I’ve had one true quid pro quo moment in my adult life. My mother was diagnosed with leukemia in 2011, and I was asked to donate my stem cells to her. It was an obvious decision––one that any child would make. She lived, and I am thankful for modern medicine each and every day.

Then, three months ago, I received a call from Be the Match; a 62-year old male with blood cancer needed a stem cell transplant and now I’m donating stem cells a second time. I’ll be physically uncomfortable for a week, but I’m ecstatic because I have the opportunity to extend this man’s life.

It’s exceedingly rare for someone to donate stem cells twice, and donating stem cells is easily the most selfless, generous thing I’ve ever done. As I’ve prepared for this second stem cell experience, I’ve realized that I need to be more generous in my daily life.

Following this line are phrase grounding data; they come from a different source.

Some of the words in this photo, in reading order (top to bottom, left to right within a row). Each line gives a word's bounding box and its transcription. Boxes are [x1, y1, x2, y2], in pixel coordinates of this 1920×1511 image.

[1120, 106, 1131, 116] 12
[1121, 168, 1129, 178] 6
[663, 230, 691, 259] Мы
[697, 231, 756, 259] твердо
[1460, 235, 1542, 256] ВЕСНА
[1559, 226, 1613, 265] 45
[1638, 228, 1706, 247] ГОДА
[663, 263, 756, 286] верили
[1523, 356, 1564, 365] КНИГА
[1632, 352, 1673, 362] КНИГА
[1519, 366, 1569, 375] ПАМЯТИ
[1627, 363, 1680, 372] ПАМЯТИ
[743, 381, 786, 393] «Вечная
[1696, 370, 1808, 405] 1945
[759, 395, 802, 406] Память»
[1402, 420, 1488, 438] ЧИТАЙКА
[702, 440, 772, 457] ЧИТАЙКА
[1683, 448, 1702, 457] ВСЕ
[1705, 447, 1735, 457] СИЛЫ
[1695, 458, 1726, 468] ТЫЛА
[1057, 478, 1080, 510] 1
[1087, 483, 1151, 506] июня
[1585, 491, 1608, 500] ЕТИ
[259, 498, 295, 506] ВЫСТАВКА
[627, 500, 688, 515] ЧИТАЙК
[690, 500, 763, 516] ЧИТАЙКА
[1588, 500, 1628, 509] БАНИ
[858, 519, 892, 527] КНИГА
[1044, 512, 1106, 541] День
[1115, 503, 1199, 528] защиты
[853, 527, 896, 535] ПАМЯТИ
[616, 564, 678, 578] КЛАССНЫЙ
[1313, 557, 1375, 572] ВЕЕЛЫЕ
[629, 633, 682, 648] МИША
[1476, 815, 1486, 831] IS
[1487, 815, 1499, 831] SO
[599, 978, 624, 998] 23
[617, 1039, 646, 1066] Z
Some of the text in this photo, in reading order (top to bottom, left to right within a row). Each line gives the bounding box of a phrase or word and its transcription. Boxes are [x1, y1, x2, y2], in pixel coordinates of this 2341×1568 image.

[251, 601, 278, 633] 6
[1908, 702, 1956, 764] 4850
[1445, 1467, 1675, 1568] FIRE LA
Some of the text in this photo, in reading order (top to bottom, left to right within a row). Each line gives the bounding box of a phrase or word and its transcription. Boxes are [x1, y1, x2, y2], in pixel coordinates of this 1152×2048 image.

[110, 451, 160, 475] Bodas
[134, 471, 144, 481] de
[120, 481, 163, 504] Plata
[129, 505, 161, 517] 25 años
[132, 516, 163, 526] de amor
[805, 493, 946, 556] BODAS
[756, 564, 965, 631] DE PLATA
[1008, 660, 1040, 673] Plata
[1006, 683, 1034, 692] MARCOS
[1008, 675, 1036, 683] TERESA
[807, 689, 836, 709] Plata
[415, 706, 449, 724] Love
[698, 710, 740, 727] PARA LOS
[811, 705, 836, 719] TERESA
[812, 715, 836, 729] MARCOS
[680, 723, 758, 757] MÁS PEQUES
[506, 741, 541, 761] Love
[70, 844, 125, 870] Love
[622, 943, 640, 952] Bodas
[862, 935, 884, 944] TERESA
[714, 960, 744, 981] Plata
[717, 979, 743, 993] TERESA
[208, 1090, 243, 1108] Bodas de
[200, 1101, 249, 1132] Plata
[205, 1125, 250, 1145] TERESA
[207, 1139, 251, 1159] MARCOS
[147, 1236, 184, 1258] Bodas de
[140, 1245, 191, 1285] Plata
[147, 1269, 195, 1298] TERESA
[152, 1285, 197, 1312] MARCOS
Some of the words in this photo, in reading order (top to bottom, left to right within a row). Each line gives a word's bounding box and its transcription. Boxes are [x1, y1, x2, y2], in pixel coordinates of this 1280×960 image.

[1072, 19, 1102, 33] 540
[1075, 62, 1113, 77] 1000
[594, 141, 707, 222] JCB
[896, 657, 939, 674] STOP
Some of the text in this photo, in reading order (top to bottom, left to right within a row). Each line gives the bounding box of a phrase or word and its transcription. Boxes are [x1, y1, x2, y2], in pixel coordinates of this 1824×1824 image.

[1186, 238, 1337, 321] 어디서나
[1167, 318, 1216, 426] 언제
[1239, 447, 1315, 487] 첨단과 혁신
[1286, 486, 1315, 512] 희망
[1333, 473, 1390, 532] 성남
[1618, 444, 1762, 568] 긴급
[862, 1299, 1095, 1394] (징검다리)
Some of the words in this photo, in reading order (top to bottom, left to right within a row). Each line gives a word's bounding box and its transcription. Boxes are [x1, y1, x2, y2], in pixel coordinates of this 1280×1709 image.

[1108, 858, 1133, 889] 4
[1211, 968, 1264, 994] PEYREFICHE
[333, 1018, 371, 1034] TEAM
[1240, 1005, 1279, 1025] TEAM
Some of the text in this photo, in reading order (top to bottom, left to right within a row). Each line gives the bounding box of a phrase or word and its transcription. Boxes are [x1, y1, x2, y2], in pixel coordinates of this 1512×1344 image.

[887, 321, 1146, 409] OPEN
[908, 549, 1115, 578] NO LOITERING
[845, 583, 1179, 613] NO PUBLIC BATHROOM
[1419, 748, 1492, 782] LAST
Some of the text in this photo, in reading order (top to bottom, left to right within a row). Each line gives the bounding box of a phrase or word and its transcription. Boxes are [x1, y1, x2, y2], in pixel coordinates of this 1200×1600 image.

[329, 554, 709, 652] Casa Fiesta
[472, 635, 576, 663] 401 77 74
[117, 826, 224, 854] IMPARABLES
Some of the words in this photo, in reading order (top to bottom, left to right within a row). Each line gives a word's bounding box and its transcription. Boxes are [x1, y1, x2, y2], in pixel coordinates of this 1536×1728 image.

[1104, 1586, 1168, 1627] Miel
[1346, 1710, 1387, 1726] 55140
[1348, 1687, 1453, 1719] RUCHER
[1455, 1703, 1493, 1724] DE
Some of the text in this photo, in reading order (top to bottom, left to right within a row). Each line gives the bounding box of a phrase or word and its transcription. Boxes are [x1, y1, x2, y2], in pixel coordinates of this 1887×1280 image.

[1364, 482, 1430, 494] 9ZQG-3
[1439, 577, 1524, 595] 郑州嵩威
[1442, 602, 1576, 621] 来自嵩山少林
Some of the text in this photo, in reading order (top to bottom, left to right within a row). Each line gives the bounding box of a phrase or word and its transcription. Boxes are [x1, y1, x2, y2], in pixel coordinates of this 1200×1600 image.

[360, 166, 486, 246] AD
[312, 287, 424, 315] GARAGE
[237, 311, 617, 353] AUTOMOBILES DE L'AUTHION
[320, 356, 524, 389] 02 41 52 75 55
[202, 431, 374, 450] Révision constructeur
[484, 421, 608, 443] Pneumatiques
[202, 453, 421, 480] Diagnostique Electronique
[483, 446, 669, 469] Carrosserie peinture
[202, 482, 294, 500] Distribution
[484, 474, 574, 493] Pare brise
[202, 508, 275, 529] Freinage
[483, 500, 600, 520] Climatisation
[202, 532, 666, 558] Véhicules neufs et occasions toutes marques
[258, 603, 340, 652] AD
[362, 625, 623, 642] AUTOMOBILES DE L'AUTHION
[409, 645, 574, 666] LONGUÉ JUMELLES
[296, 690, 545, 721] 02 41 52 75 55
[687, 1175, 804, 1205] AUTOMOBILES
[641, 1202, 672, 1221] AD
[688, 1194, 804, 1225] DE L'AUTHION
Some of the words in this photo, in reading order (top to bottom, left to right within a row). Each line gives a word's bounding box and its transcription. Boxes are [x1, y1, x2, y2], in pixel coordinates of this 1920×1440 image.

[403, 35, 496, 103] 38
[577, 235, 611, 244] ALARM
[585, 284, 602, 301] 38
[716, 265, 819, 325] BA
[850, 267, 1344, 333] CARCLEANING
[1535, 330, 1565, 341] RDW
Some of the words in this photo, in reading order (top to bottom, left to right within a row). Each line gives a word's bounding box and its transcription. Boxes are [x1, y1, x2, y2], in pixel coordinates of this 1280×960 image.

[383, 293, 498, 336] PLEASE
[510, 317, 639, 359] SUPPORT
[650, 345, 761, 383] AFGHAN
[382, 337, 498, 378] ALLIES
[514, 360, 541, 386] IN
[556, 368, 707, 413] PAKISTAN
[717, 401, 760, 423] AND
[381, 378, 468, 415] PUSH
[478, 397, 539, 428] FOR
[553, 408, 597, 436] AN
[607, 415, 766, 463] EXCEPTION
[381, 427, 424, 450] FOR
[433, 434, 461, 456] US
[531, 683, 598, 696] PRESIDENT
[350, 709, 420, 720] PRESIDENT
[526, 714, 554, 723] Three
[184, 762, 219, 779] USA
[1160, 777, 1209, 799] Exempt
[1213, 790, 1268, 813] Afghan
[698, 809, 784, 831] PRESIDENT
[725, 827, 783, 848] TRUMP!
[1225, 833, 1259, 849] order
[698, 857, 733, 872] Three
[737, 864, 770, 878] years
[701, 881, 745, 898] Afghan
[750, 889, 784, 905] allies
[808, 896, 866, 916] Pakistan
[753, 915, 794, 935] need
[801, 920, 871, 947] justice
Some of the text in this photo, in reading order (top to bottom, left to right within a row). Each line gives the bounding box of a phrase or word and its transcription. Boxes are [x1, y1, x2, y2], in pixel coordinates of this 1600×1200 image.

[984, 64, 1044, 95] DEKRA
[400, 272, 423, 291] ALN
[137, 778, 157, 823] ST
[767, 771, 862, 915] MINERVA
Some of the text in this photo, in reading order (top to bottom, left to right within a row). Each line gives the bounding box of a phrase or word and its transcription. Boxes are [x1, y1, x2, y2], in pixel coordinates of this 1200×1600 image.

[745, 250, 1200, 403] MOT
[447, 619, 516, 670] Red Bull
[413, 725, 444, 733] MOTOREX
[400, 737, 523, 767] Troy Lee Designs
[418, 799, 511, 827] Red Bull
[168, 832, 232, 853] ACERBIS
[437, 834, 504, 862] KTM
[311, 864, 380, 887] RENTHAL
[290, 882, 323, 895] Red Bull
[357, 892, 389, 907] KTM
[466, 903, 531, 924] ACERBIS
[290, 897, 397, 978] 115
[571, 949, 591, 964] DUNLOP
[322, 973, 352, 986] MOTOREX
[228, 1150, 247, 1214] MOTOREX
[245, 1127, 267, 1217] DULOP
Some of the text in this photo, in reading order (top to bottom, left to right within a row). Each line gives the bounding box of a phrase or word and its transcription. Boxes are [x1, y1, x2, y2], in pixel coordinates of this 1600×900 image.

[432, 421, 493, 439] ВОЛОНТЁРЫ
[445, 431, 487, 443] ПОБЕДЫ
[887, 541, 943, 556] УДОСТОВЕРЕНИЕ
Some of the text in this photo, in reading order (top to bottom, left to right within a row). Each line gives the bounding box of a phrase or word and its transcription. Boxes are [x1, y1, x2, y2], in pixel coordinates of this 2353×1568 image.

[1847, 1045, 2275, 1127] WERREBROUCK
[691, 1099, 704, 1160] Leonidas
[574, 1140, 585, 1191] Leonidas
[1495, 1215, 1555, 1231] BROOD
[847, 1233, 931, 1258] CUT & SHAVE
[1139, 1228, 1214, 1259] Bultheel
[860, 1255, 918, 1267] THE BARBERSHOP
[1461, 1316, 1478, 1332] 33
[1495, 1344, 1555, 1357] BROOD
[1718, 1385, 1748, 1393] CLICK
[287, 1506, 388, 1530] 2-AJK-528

Which brings me to John’s second piece of advice: scratch your itch. Being kind––to myself and to others––has become an itch that I need to scratch.

I want to help myself, and others, be more generous in their daily life. I dream of taking John’s advice into the virtual world––a community where people challenge each other to live a more fulfilled and selfless life.

Imagine if, every day, you received a prompt that would help you live a more balanced, mindful, and generous life. With these prompts, you’d get exposure to new perspectives and you’d push the limits of your comfort zone. Each prompt would be written by a member of the community; you’d be able to track your own progress, and see how many others participated in the daily quid pro quo prompt.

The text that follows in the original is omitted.